Himalayan Triangulation: Doklam in the Context of Late Qing "Negotiation"

Sunday, January 6, 2019: 11:00 AM
Boulevard A (Hilton Chicago)
Scott Relyea, Appalachian State University
In the two decades spanning the turn of the twentieth century, international law concepts slowly took hold among Qing central government officials, and especially among local officials overseeing distant corners of the empire. During this time, conceptions of authority changed, especially in Kham and Tibetan regions north of Assam (in present day north-eastern India), shifting from a focus on obtaining the loyalty of indigenous rulers through investiture. Instead, by the first decade of the twentieth century, Sichuan officials administering Kham deemed a loyal population of settlers from China proper as essential to both the exertion and assertion of absolute authority in the fringes of the Qing empire. This shift and related Chinese policies in Kham and Tibet heightened the competition for authority across the region between Beijing and Lhasa, and complicated early twentieth century negotiations with British Indian officials, who harbored their own ambitions for territorial expansion and border-making in the Himalayan region.

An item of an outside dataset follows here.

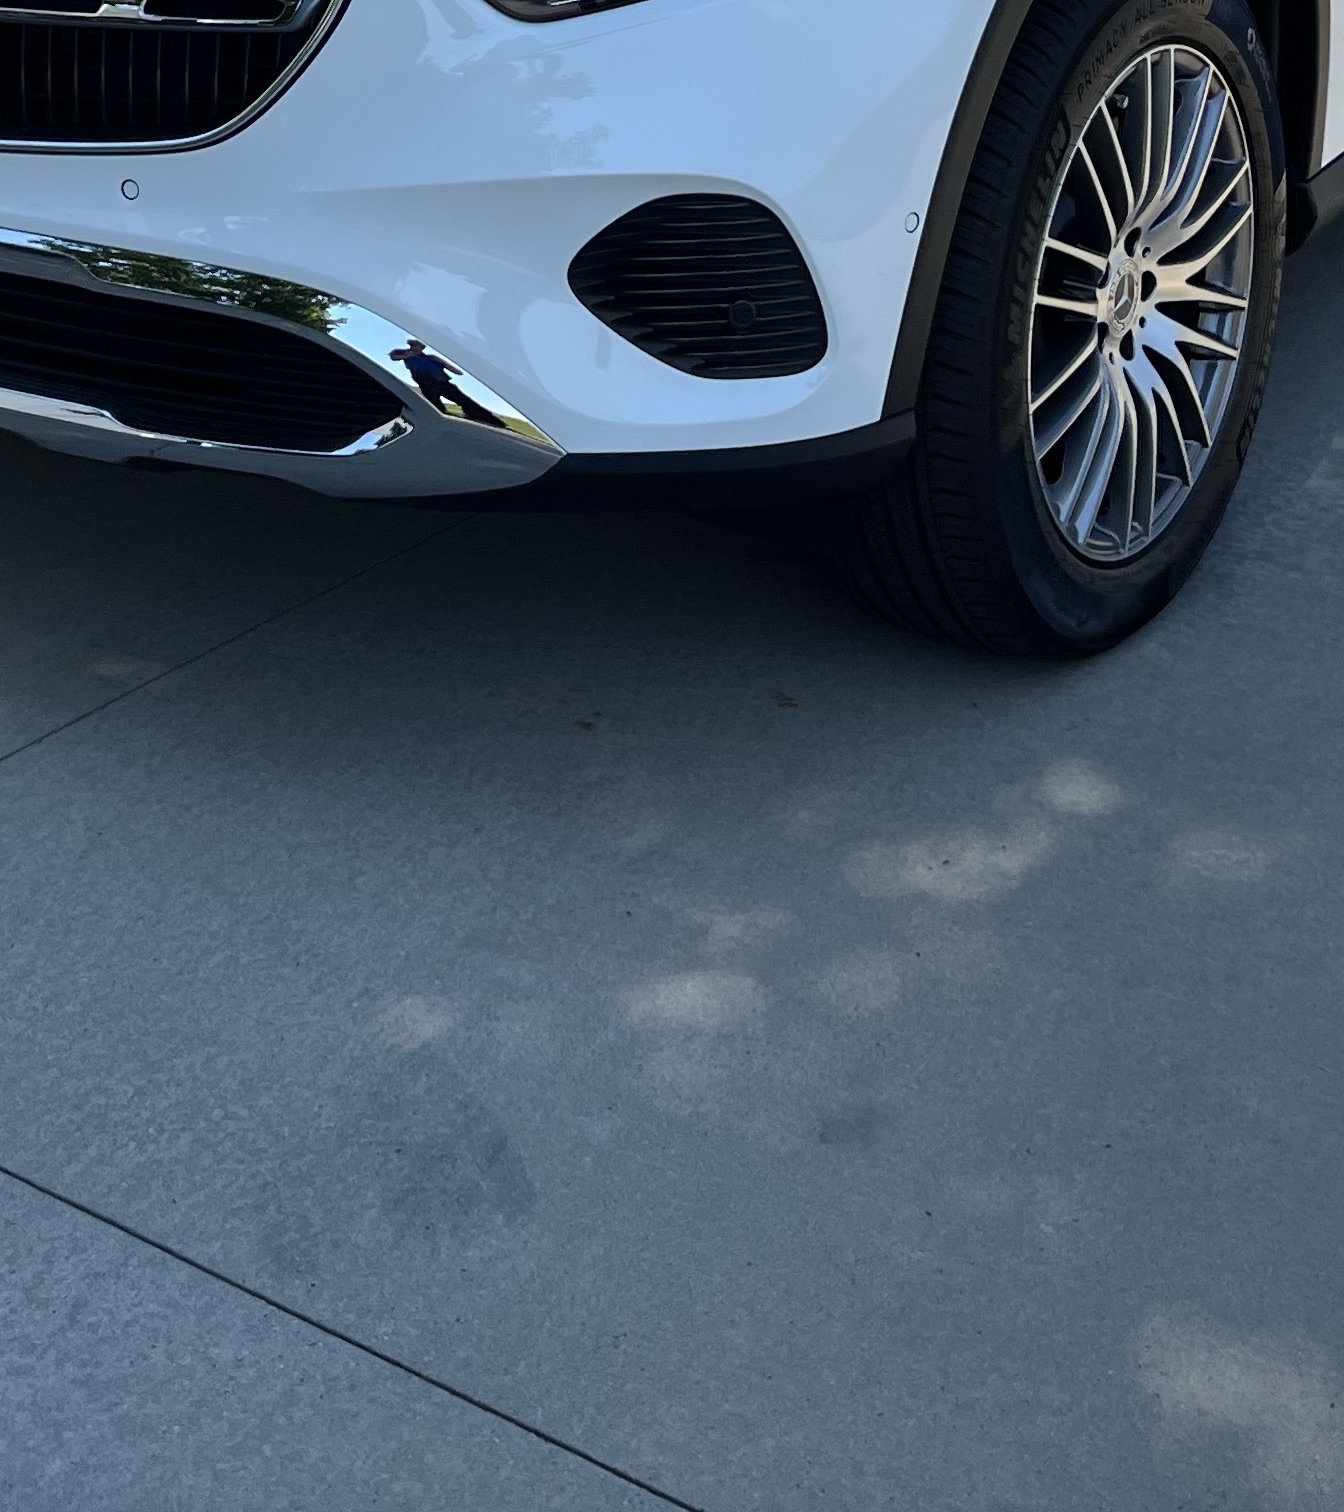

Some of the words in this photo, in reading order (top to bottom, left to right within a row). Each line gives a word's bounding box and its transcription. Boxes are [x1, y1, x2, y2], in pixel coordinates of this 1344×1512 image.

[1075, 18, 1128, 100] PRIMACY
[1135, 0, 1156, 24] ALL
[1007, 120, 1068, 345] MICHELIN

This presentation will contextualize the recent confrontation between India, China, and Bhutan on the Doklam plateau in two dimensions of late Qing Himalayan diplomacy. First, it will discuss central Qing officials’ understanding and deployment of international law concepts and border-making, which shaped Sino-Indian (or Sino-British) treaty-making in the last decades of Qing rule. Second, it will situate the Sikkim-Tibet Convention of 1890 and subsequent negotiations with the British in the shadow play of authority at the heart of the late nineteenth and early twentieth century relationship between Lhasa and Beijing.